Please give the data below again in full, exactly as it stands.

** Opening Data for the task block **

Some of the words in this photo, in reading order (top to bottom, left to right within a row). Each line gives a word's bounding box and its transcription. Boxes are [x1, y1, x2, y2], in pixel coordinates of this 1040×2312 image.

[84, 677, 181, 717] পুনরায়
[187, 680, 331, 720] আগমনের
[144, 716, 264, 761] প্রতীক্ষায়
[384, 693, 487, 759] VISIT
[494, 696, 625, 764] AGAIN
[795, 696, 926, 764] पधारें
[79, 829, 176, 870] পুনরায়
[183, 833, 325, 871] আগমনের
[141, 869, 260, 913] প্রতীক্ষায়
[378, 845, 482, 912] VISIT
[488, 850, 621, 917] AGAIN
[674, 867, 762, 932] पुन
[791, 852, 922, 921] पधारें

** Closing Data for the task block **

## Answer for this exercise
Some of the words in this photo, in reading order (top to bottom, left to right within a row). Each line gives a word's bounding box and its transcription. Boxes are [x1, y1, x2, y2], in pixel coordinates of this 1040×2312 image.

[84, 677, 181, 717] পুনরায়
[187, 680, 331, 720] আগমনের
[144, 716, 264, 761] প্রতীক্ষায়
[384, 693, 487, 759] VISIT
[494, 696, 625, 764] AGAIN
[795, 696, 926, 764] पधारें
[79, 829, 176, 870] পুনরায়
[183, 833, 325, 871] আগমনের
[141, 869, 260, 913] প্রতীক্ষায়
[378, 845, 482, 912] VISIT
[488, 850, 621, 917] AGAIN
[674, 867, 762, 932] पुन
[791, 852, 922, 921] पधारें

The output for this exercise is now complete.